Exercise goal
When copying the records below, keep every word as it is and drop the images.

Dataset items
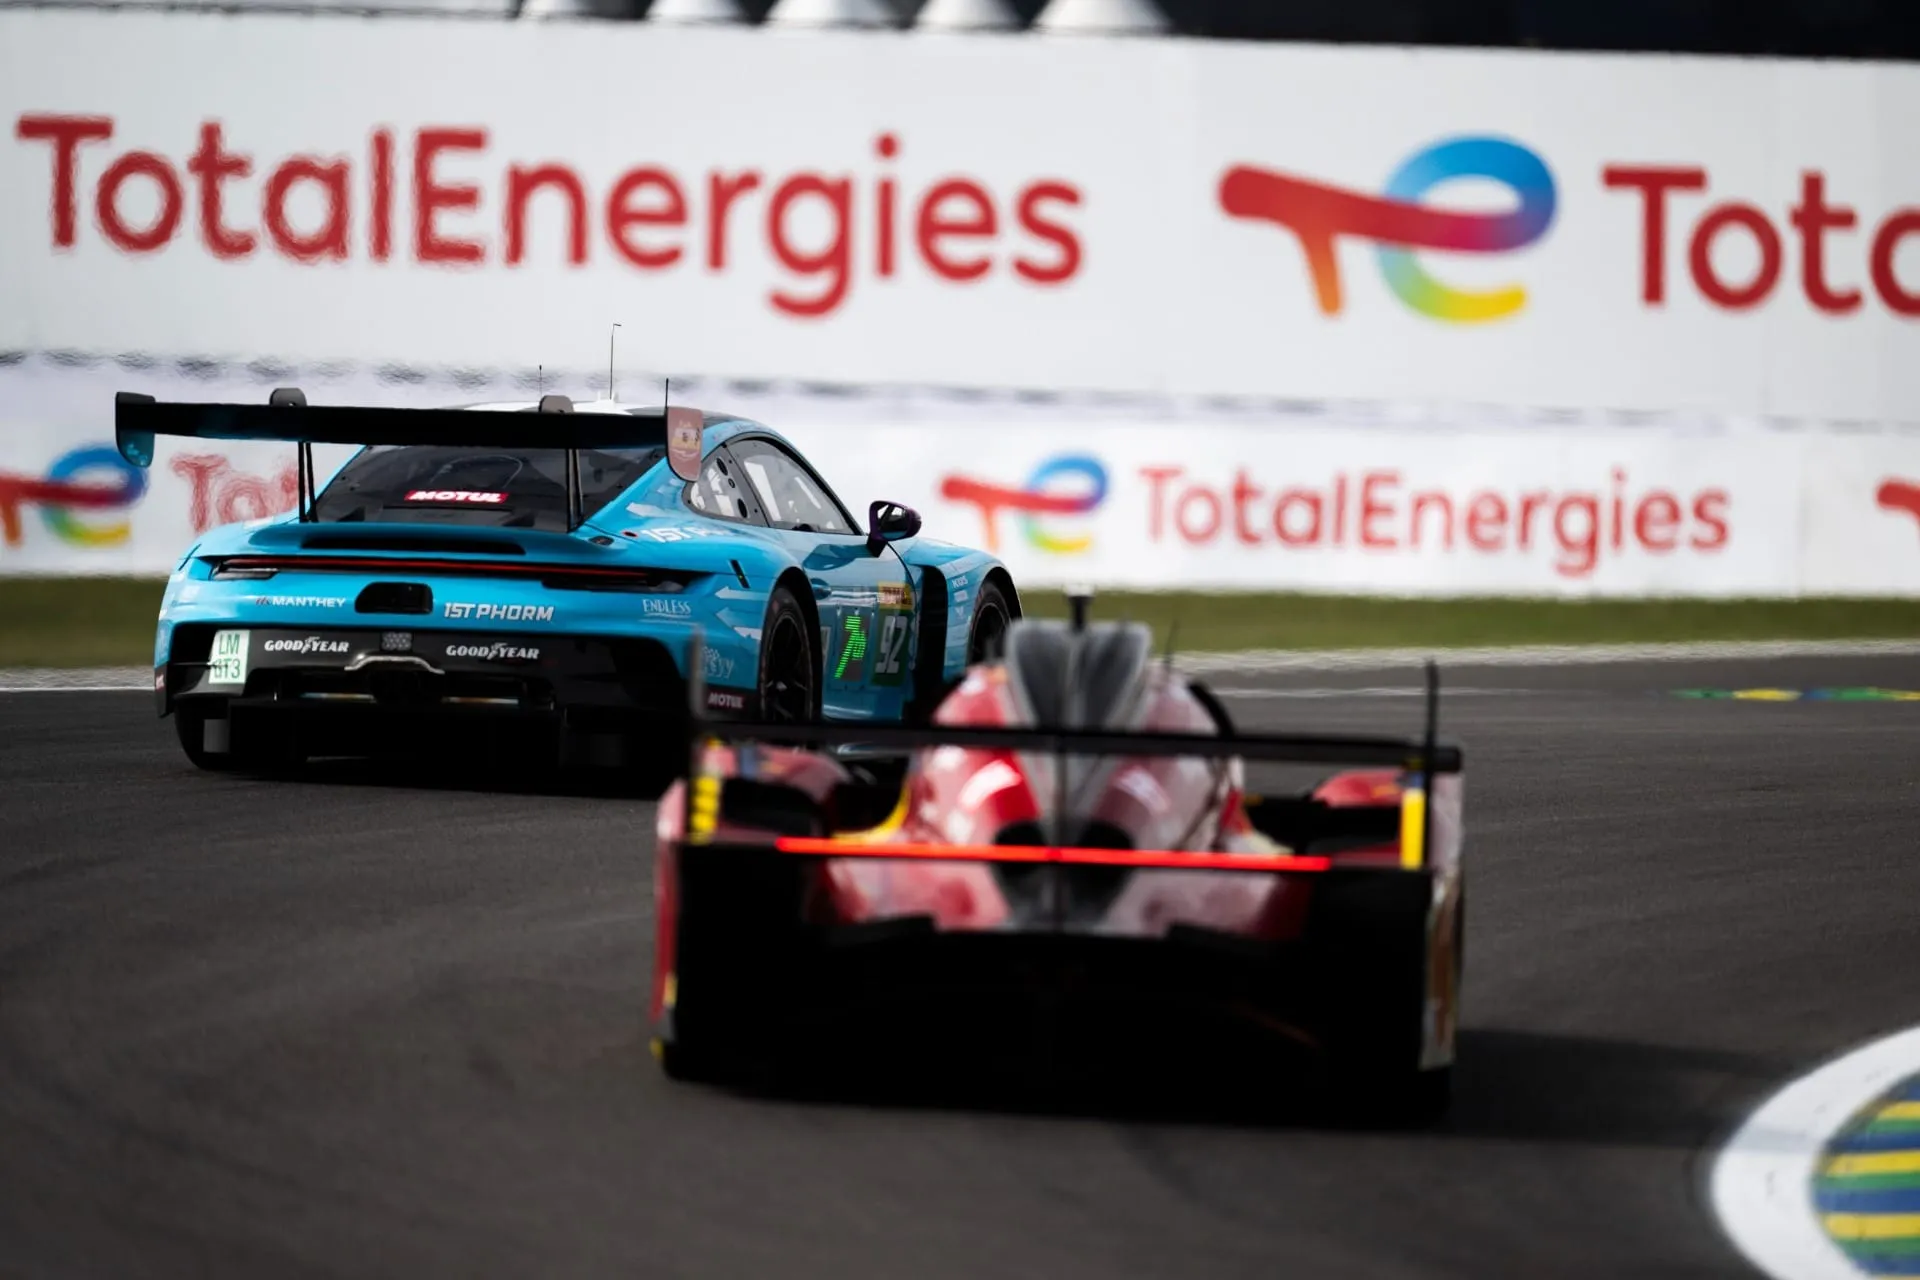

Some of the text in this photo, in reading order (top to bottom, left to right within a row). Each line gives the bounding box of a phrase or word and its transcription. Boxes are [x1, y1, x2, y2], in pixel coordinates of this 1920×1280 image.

[16, 114, 1084, 318] TotalEnergies
[409, 490, 501, 503] MOTUL
[1140, 466, 1730, 577] TotalEnergies
[272, 596, 346, 608] MANTHEY
[642, 599, 692, 614] ENDLESS
[219, 633, 240, 655] LM
[264, 636, 349, 653] GOODYEAR
[446, 642, 539, 660] GOODYEAR
[875, 615, 908, 674] 92

Response area
Some of the text in this photo, in reading order (top to bottom, left to right within a row). Each line gives the bounding box of a phrase or word and its transcription. Boxes are [x1, y1, x2, y2], in pixel coordinates of this 1920×1280 image.

[16, 114, 1084, 318] TotalEnergies
[409, 490, 501, 503] MOTUL
[1140, 466, 1730, 577] TotalEnergies
[272, 596, 346, 608] MANTHEY
[642, 599, 692, 614] ENDLESS
[219, 633, 240, 655] LM
[264, 636, 349, 653] GOODYEAR
[446, 642, 539, 660] GOODYEAR
[875, 615, 908, 674] 92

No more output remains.